*Exercise goal:*
Each word in the data below should be copied exactly; the images should not.

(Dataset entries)
_ _ _ _ _ _ _
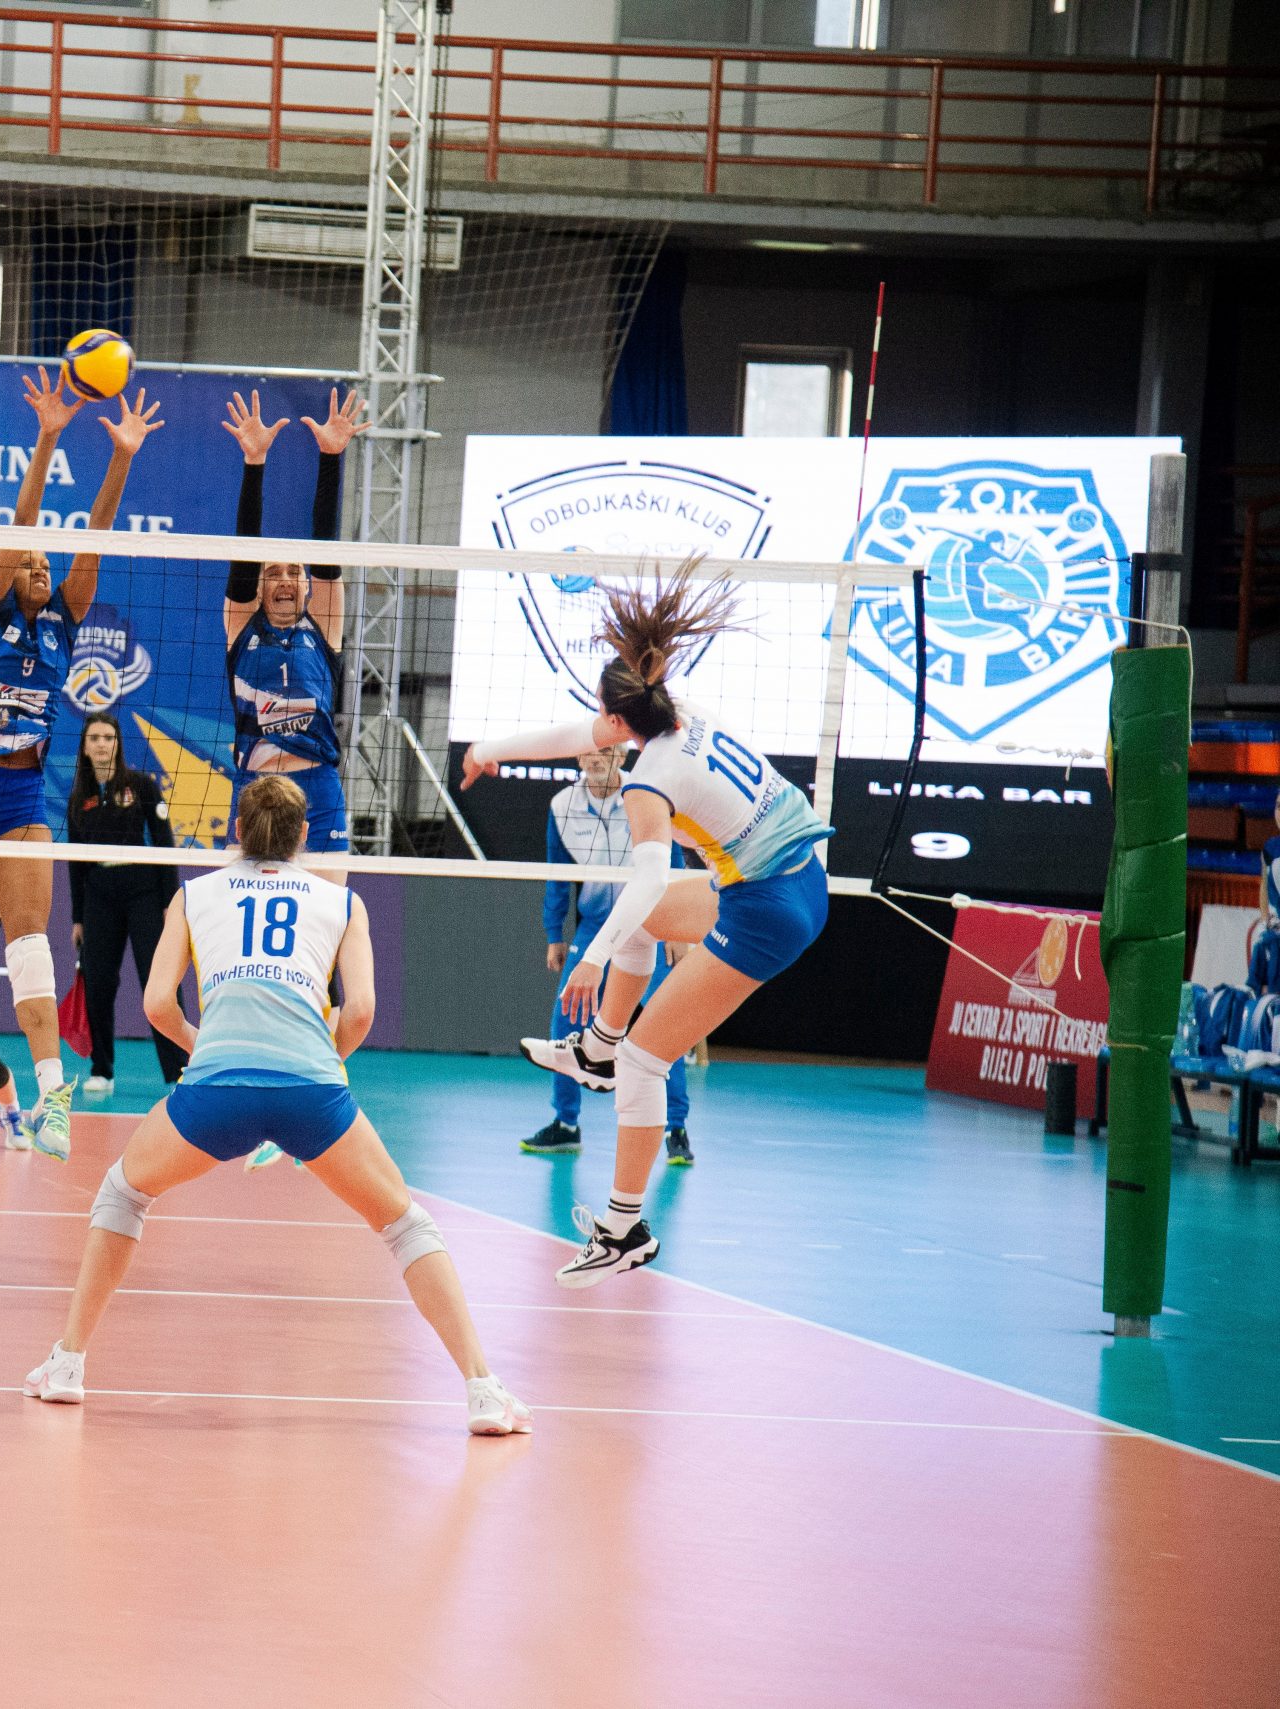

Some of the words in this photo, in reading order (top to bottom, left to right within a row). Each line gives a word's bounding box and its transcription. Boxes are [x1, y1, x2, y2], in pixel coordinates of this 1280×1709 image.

[530, 489, 670, 534] ODBOJKAŠKI
[675, 500, 732, 538] KLUB
[74, 626, 126, 652] UDVA
[1018, 601, 1103, 674] BAR
[279, 662, 289, 687] 1
[706, 731, 763, 804] 10
[868, 781, 985, 800] LUKA
[1002, 786, 1093, 805] BAR
[911, 832, 971, 860] 9
[228, 877, 311, 894] YAKUSHINA
[236, 895, 299, 958] 18
[228, 963, 282, 982] HERCEG
[962, 1002, 1001, 1041] CENTAR
[998, 1008, 1015, 1043] ZA
[1013, 1010, 1051, 1049] SPORT
[979, 1045, 1024, 1086] BIJELO
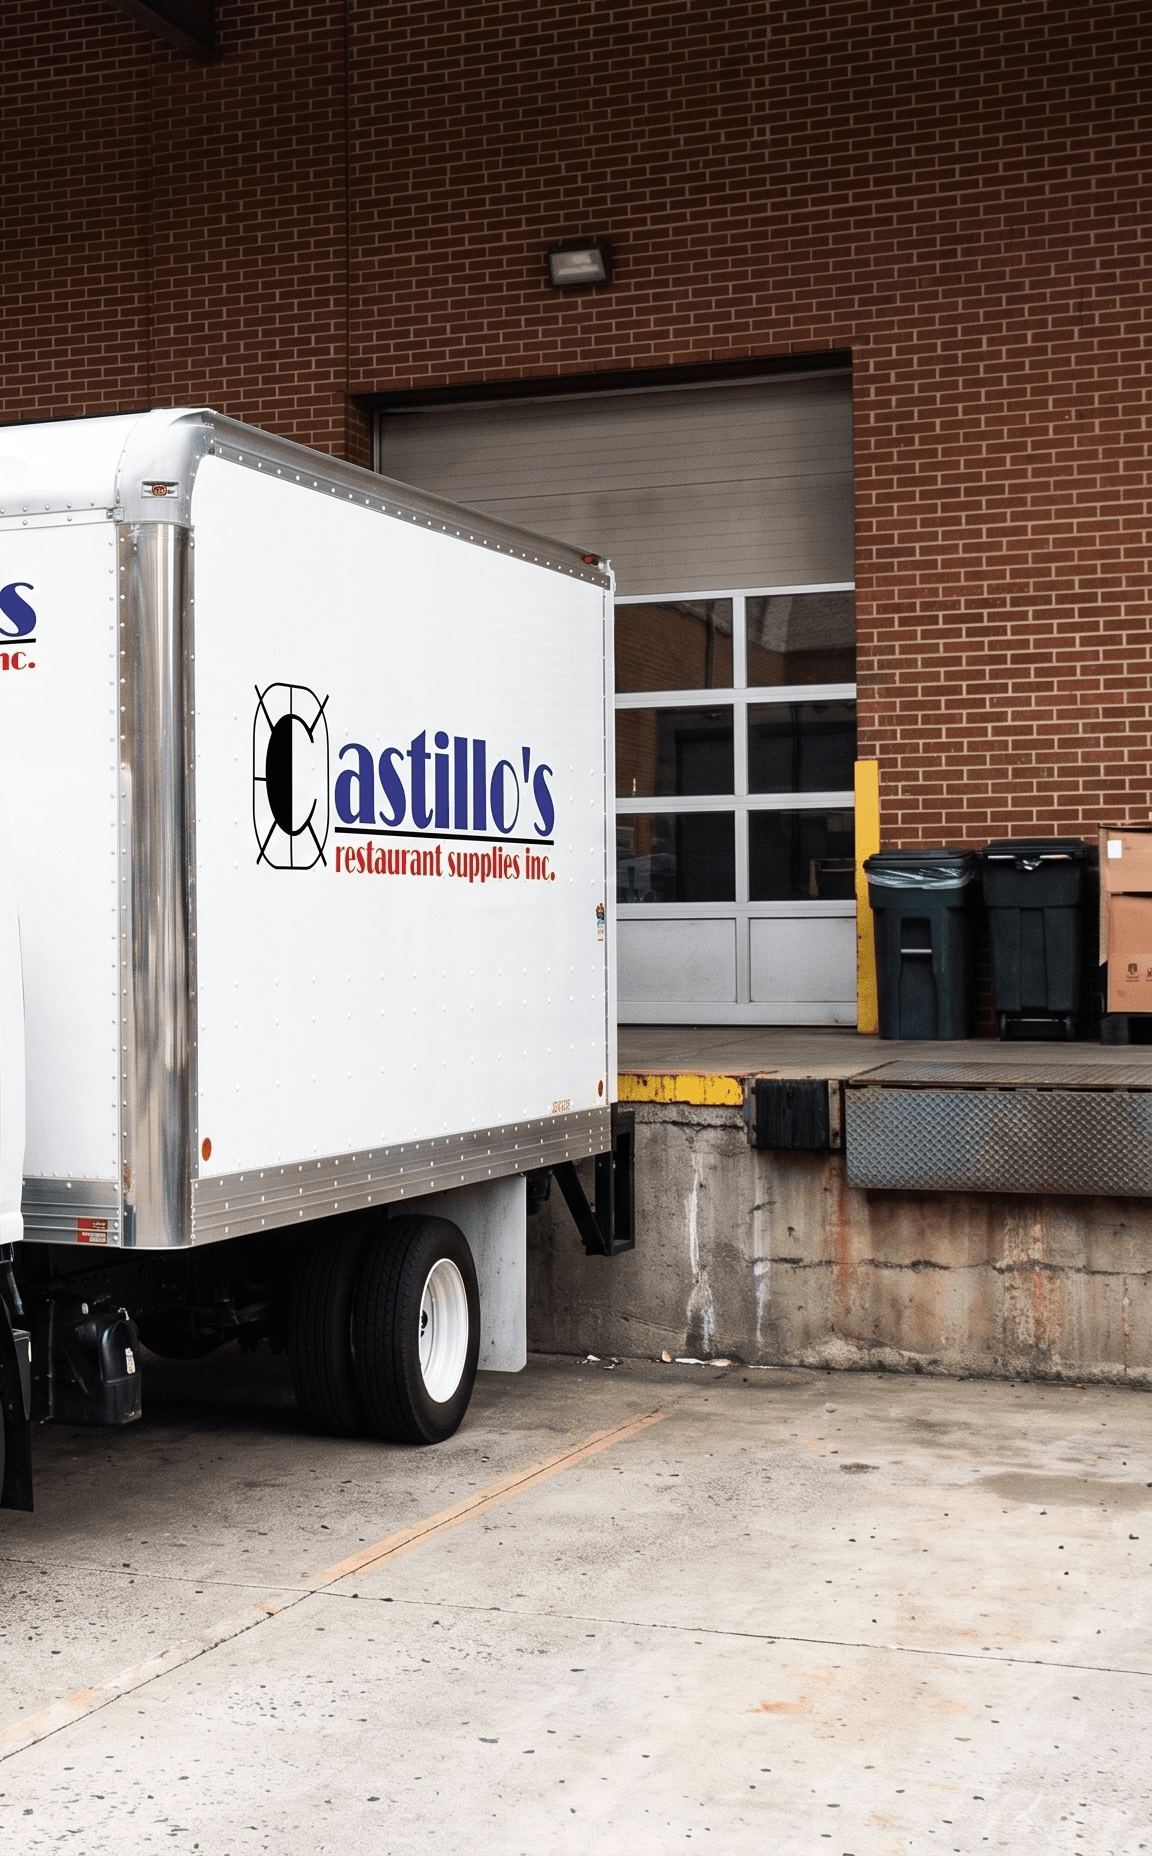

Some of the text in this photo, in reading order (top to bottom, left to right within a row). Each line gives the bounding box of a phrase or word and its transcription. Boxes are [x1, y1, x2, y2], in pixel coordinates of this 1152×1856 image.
_ _ _ _ _ _ _
*Solved problem:*
Some of the words in this photo, in reading order (top to bottom, left to right within a row). Each line gives a word's bounding box and its transcription. Boxes are [x1, y1, x2, y2], in pixel coordinates of this 1280×1709 image.

[530, 489, 670, 534] ODBOJKAŠKI
[675, 500, 732, 538] KLUB
[74, 626, 126, 652] UDVA
[1018, 601, 1103, 674] BAR
[279, 662, 289, 687] 1
[706, 731, 763, 804] 10
[868, 781, 985, 800] LUKA
[1002, 786, 1093, 805] BAR
[911, 832, 971, 860] 9
[228, 877, 311, 894] YAKUSHINA
[236, 895, 299, 958] 18
[228, 963, 282, 982] HERCEG
[962, 1002, 1001, 1041] CENTAR
[998, 1008, 1015, 1043] ZA
[1013, 1010, 1051, 1049] SPORT
[979, 1045, 1024, 1086] BIJELO

Some of the text in this photo, in reading order (top to bottom, left to right within a row). Each line gives the bounding box of a phrase or word and its transcription. Boxes are [x1, y1, x2, y2], in pixel coordinates of this 1152×1856 image.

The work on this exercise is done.